He smiled a lazy smile and looked away, then back at her again. "I'm not sure. I . . ." His green-eyed gaze met hers.
She went back to brushing her hair. Something about him made her stomach flutter in an unfamiliar way. "Yes?"
"I was wondering, would you sup with me tonight?"
Ellen lowered her gaze, immediately wary of the stranger. Richard had warned her she must be very careful with strangers. If she were to keep her identity a secret, she could not allow anyone to become too familiar with her. She could not afford to make friends.
"I'm afraid that would be impossible, sir."
Gavin watched her pull the brush through her waves of magical red hair. "You're married?"
She reached for the hat she had worn into the theater today, wondering where on earth Richard was. He was usually here to pick her up by now. "Kept, and I must say, my keeper is quite a jealous man."
It was part of the ruse Richard had conceived. She would pretend to be Richard's mistress and therefore off-limits to other men. This way she could live with him in his apartment and enjoy the safety it afforded. Once upon a time Ellen would have been horrified to have thought that anyone might think her a harlot, but it was a way to stay safe. And safety was all that mattered these days.
"Excuse me." She rose. She was a tall woman, but not as tall as Gavin. "My lord is most likely waiting for me outside."

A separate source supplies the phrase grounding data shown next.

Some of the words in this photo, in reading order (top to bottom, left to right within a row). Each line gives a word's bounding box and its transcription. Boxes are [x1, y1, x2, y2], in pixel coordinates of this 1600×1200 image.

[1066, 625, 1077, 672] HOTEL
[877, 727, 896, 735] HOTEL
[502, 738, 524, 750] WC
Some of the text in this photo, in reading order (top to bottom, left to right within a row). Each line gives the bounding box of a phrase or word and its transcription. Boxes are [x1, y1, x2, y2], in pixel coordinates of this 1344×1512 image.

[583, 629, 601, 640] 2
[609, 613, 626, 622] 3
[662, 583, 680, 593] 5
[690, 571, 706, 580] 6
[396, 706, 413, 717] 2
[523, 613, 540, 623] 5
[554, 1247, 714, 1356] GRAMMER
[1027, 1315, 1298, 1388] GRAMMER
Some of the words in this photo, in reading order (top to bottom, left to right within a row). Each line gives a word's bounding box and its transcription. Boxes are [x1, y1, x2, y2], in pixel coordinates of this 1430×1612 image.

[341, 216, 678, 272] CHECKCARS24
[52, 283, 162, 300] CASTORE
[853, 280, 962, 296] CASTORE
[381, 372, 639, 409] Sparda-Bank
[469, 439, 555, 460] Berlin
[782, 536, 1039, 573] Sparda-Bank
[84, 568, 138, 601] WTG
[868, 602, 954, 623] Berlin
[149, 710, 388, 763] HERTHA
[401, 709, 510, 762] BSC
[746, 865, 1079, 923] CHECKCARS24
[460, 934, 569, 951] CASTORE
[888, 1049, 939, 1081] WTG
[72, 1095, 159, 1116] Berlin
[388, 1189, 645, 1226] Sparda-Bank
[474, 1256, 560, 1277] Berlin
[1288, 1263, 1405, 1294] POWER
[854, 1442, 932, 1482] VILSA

He stepped back to let her pass, handing her the fan she had left on her dressing table. Their fingertips touched, and she felt the warmth of his hand as well as his smile. "May I escort you?"
She quickly moved past him. "I can assure you that won't be necessary." She started through the noisy crowded tiring room, but he followed.
"I mean you no harm," he told her, taking only one long stride to catch up with her. "I want only to talk."
Ellen laughed, throwing her light cloak over her shoulders. Though it was quite warm outside, the overgarment was needed to protect her gown from the filth of the streets. "You want only to talk? I find that's quite untrue when it comes to the male of the species, sir."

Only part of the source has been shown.